Ästhetisch: Das Kriterium, an dem gemessen wird, was gesund und was ungesund ist, ist beziehungsimmanent (siehe oben). Es ist ein ästhetisches Kriterium: Gesundheit bedeutet die Fähigkeit, eine Kontaktfigur zu schaffen, die elegant, hell, rhythmisch und harmonisch ist (Perls / Hefferline / Goodman 2006; Bloom 2003; Spagnuolo Lobb 2007c, 2007a; Robine 2006b). Man braucht keine externen Evaluationsmethoden, die auf einem Vergleich zwischen dem Geschehen und einer externen Norm als Bezugspunkt basieren (Perls / Hefferline / Goodman 2006): Es ist die ästhetische Schönheit der Kontaktnahme, die der TherapeutIn als Richtschnur dient. Die TherapeutIn achtet fortlaufend auf die Kontaktqualitäten und passt ihre Anwesenheit an der Kontaktgrenze kreativ an: Dies bildet die Einheit des diagnostischen und des therapeutischen Handelns (Perls / Hefferline / Goodman 2006; Bloom 2003). Indem sie die Spuren von Intentionalität und den Verlust der Spontaneität wahrnimmt, positioniert sich die TherapeutIn neu in der Beziehung, an deren Erschaffung und Heilung sie in jedem Moment beteiligt ist.

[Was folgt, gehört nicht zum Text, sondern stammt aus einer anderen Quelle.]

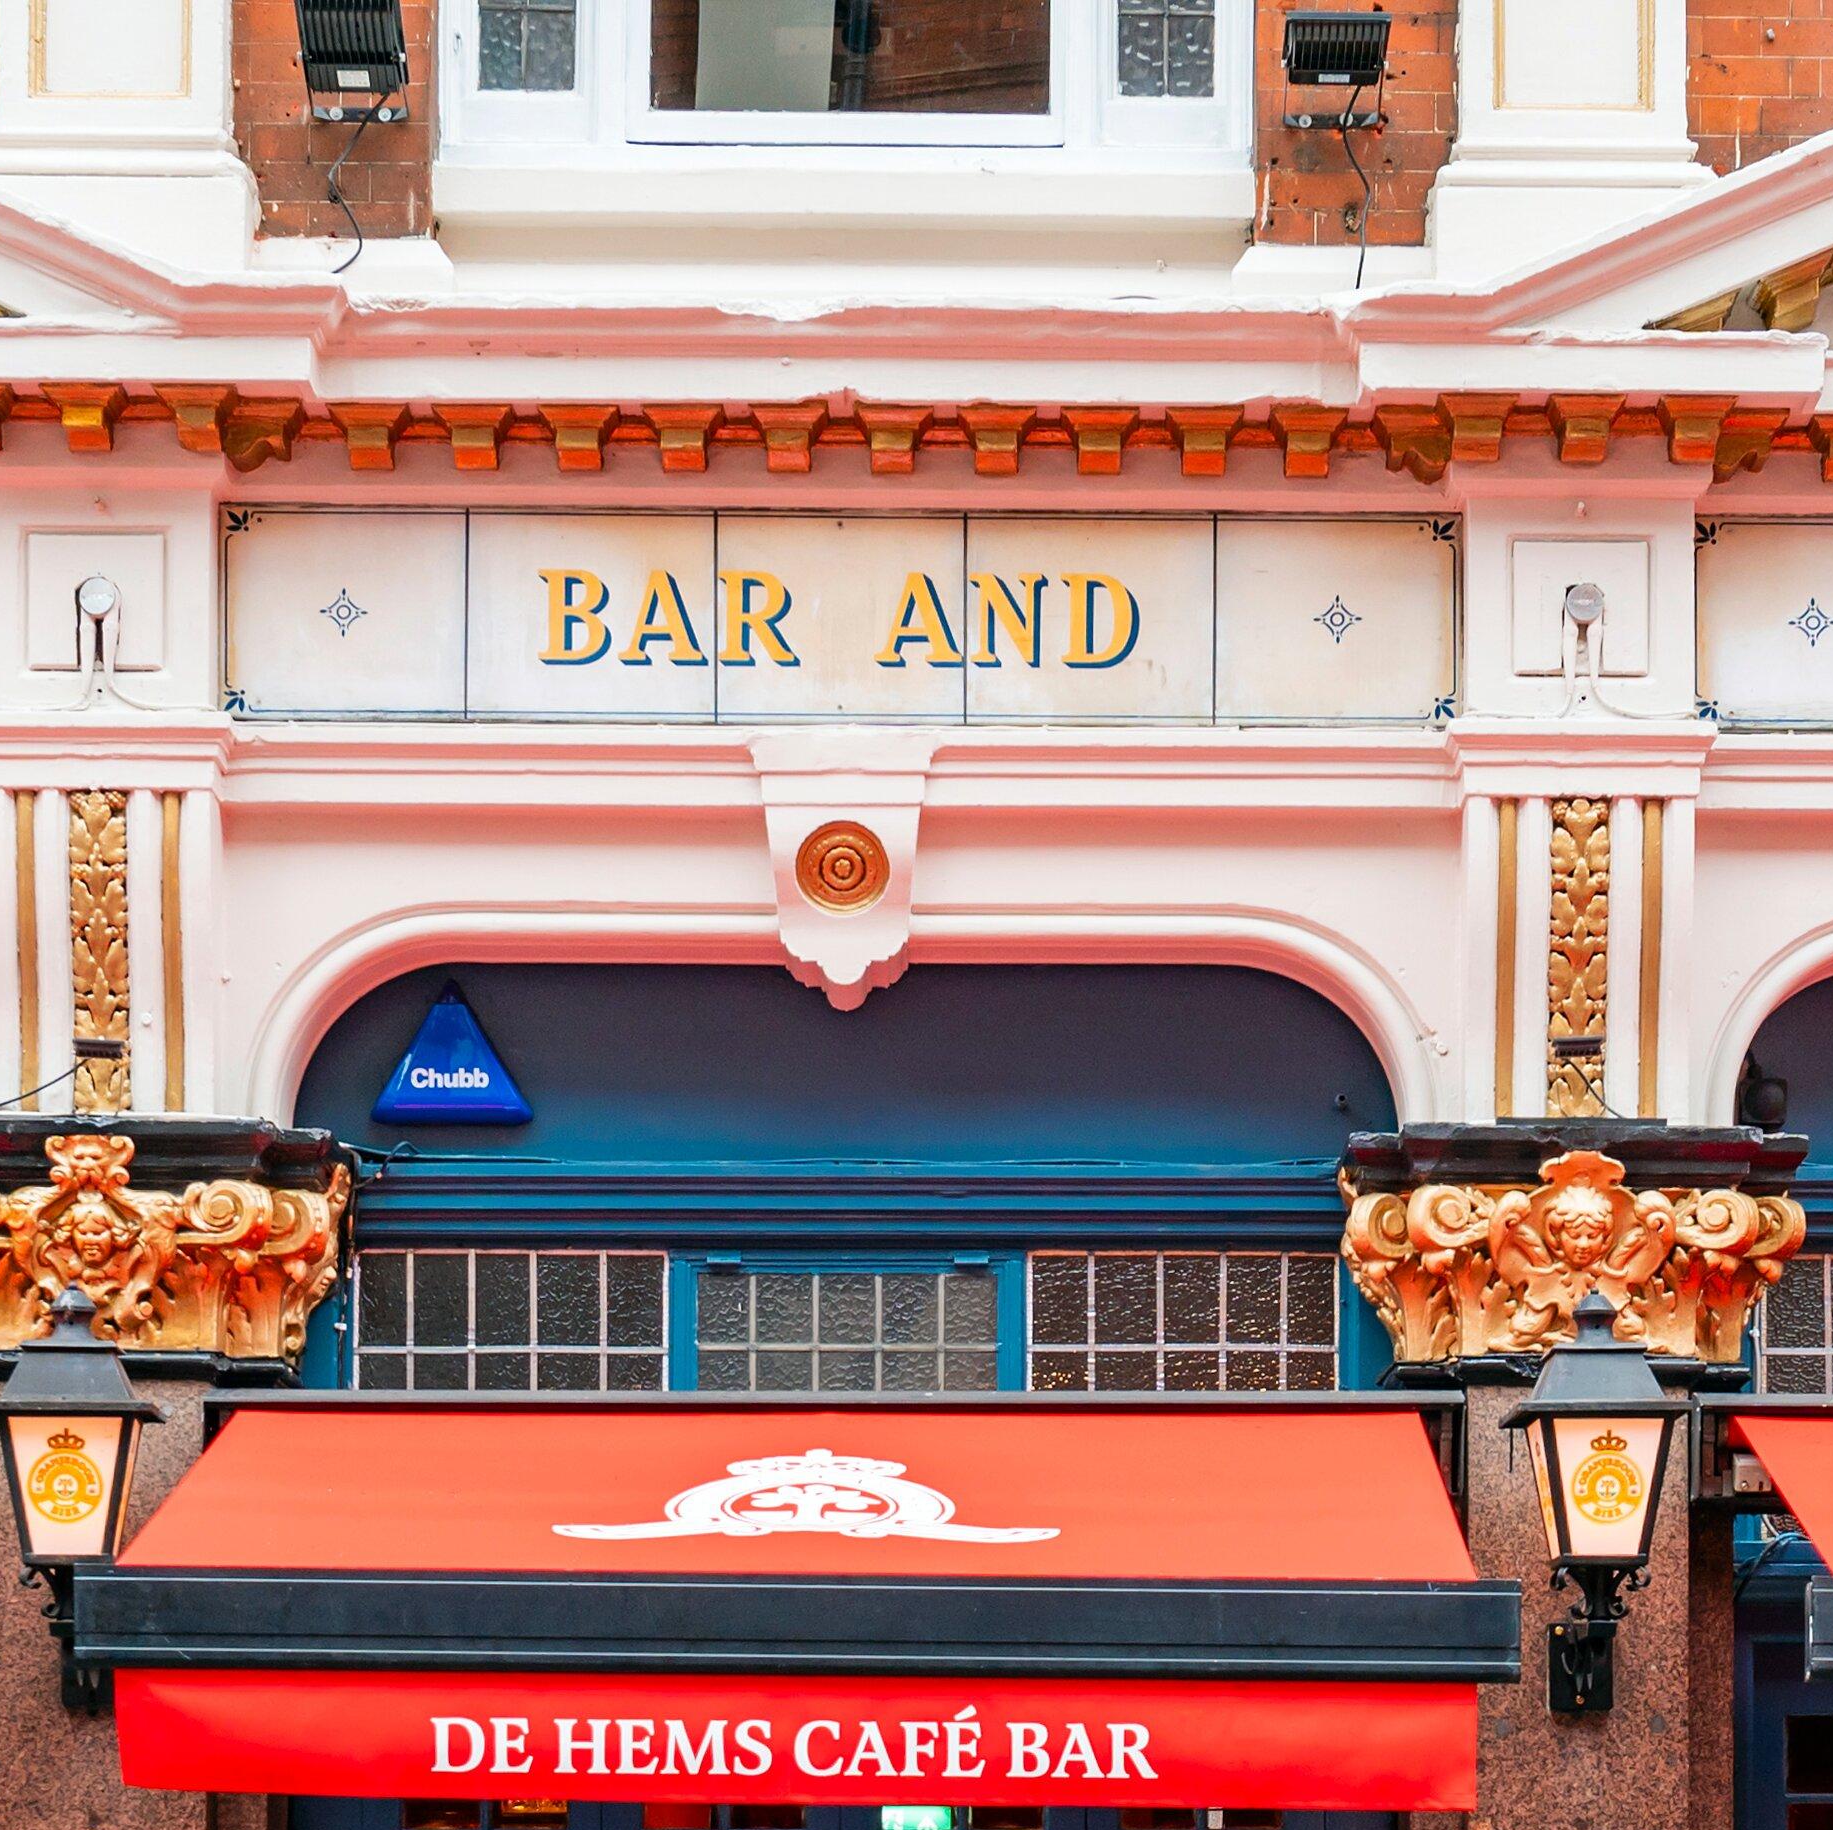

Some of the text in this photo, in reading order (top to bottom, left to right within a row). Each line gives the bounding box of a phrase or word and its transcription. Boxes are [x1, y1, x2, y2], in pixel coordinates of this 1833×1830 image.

[538, 567, 1141, 669] BAR AND
[410, 1067, 490, 1088] Chubb
[430, 1704, 1159, 1779] DE HEMS CAFÉ BAR
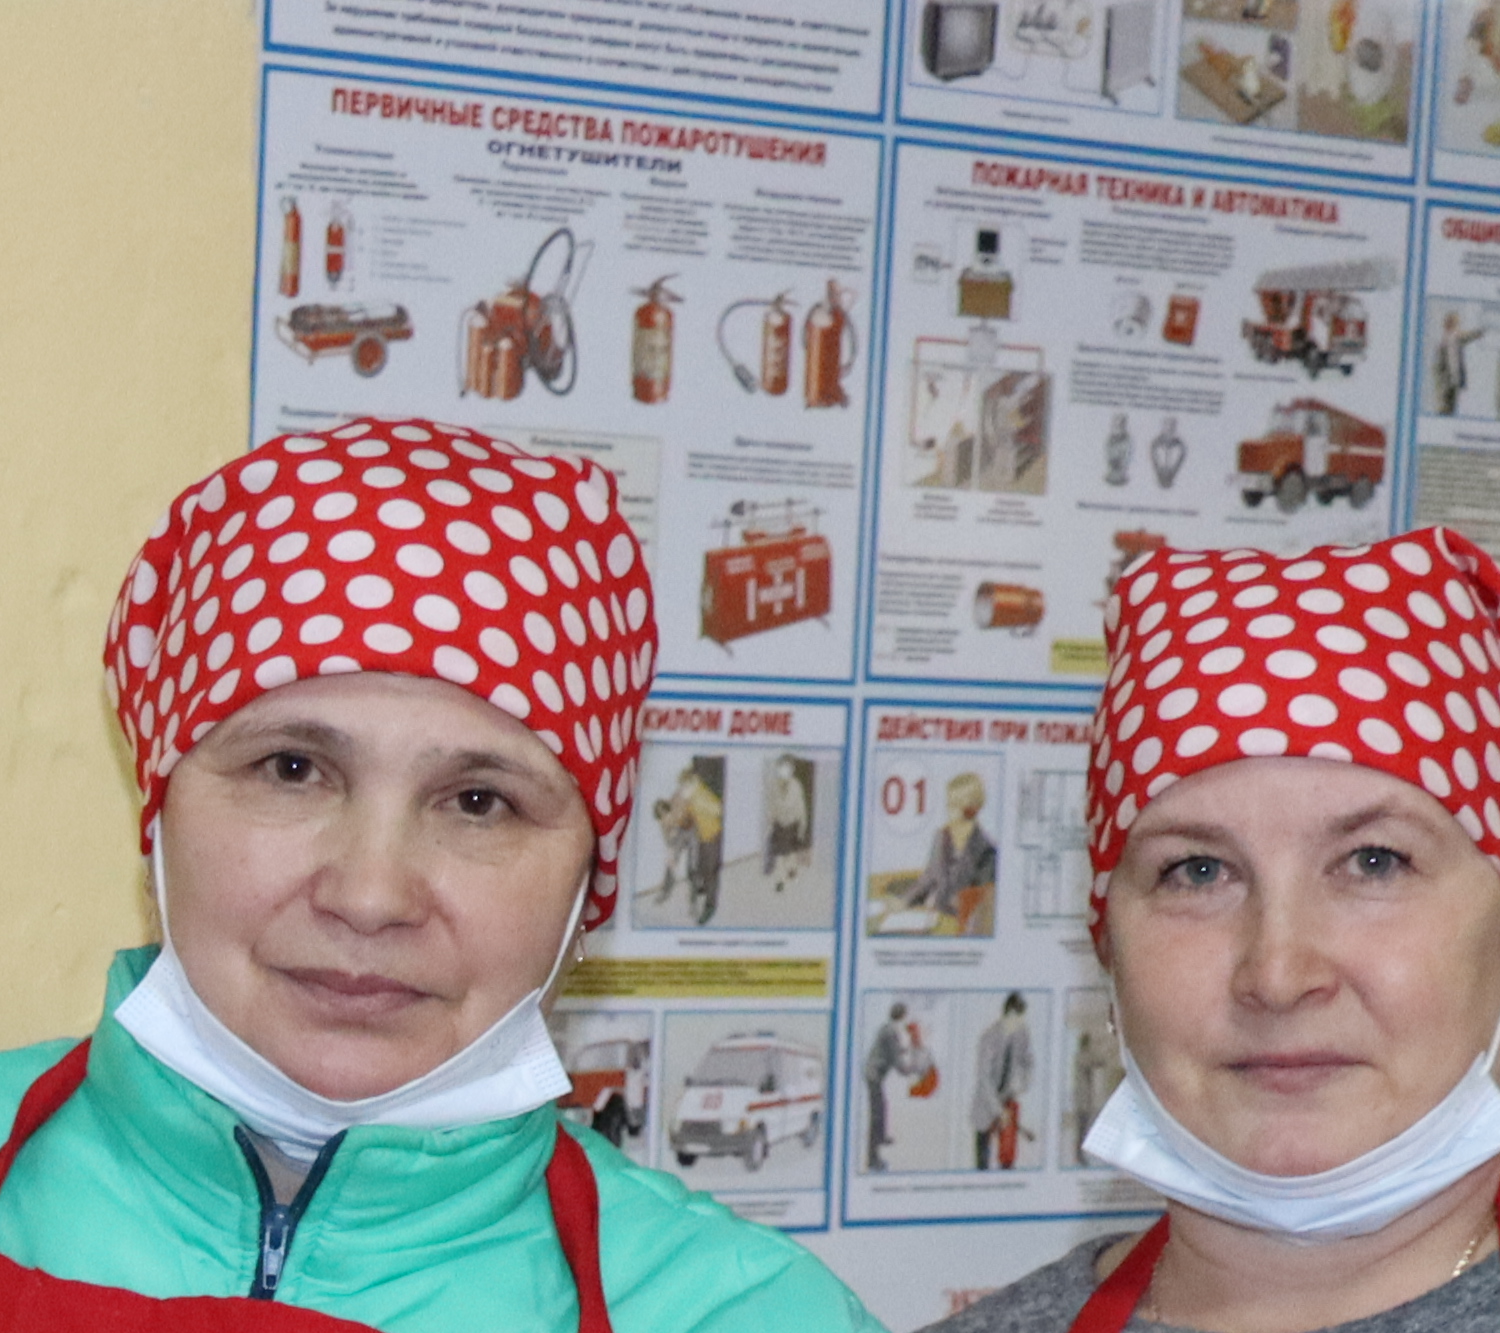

Dimensional statt kategorial: Der kategoriale Ansatz definiert eigenständige, strikt voneinander getrennte Kategorien, die als objektive Identität gegenüber pathologischen Situationen oder Individuen fungieren. Der dimensionale Ansatz unterscheidet sich von dieser Herangehensweise, indem er Leidensphänomene als sich in einem Kontinuum befindliche Größen betrachtet. In diesem Kontinuum gibt es keine klaren Grenzen zwischen Gesundheit und Krankheit (APA 1994; Barron 1998). Alle Erfahrungen und alle Beziehungen sind mehrdimensional. Je nach Lebensmomenten und -situationen kann jeder Mensch eine narzisstische, Borderline-, depressive, süchtige, psychotische oder andere Dimension haben. Pathologie ist also kein klar definiertes Gebilde, das sich von einem gesunden Spektrum abgrenzen ließe. Menschen, die Hilfe suchen, sehen sich mit denselben existenziellen Themen konfrontiert wie wir alle – Liebe, Einsamkeit, Zeit, Tod. Der Unterschied liegt in der Möglichkeit oder Unmöglichkeit, sich die nötige Unterstützung nutzbar zu machen, um sein Leben zu meistern. Ein dimensionaler Ansatz kann in eine Perspektive integriert werden, die mit Schwellen für jede der verschiedenen Dimensionen arbeitet (Cancrini 2006). Von diesem Standpunkt aus kann sich zum Beispiel, abhängig von den Umständen, bei allen Individuen ein Borderline-Erleben manifestieren. Was bei den Menschen unterschiedlich ist, ist die Schwelle, bei der ein solches Erleben eintritt. Bei manchen Menschen ist diese Schwelle niedriger als bei anderen, sodass sich bei ihnen ein derartiges Erleben leichter manifestiert. Es kann also in jeder Situation oder Beziehung Borderline-, narzisstisches, psychotisches und anderes Erleben eintreten. In bestimmten historischen und sozialen Umständen wird eine bestimmte Art des Erlebens die Norm. Beispiele hierfür sind unter anderem das Borderline-Verhalten während der Französischen Revolution (Cancrini 2006) oder der narzisstische Trend der letzten Jahrzehnte des vergangenen Jahrhunderts (Lasch 1978). Diese Perspektive lässt sich optimal mit dem Konzept des »grundlegenden Beziehungsmodells« verbinden, das Giovanni Salonia eingeführt hat (Salonia 2007a, 2008b).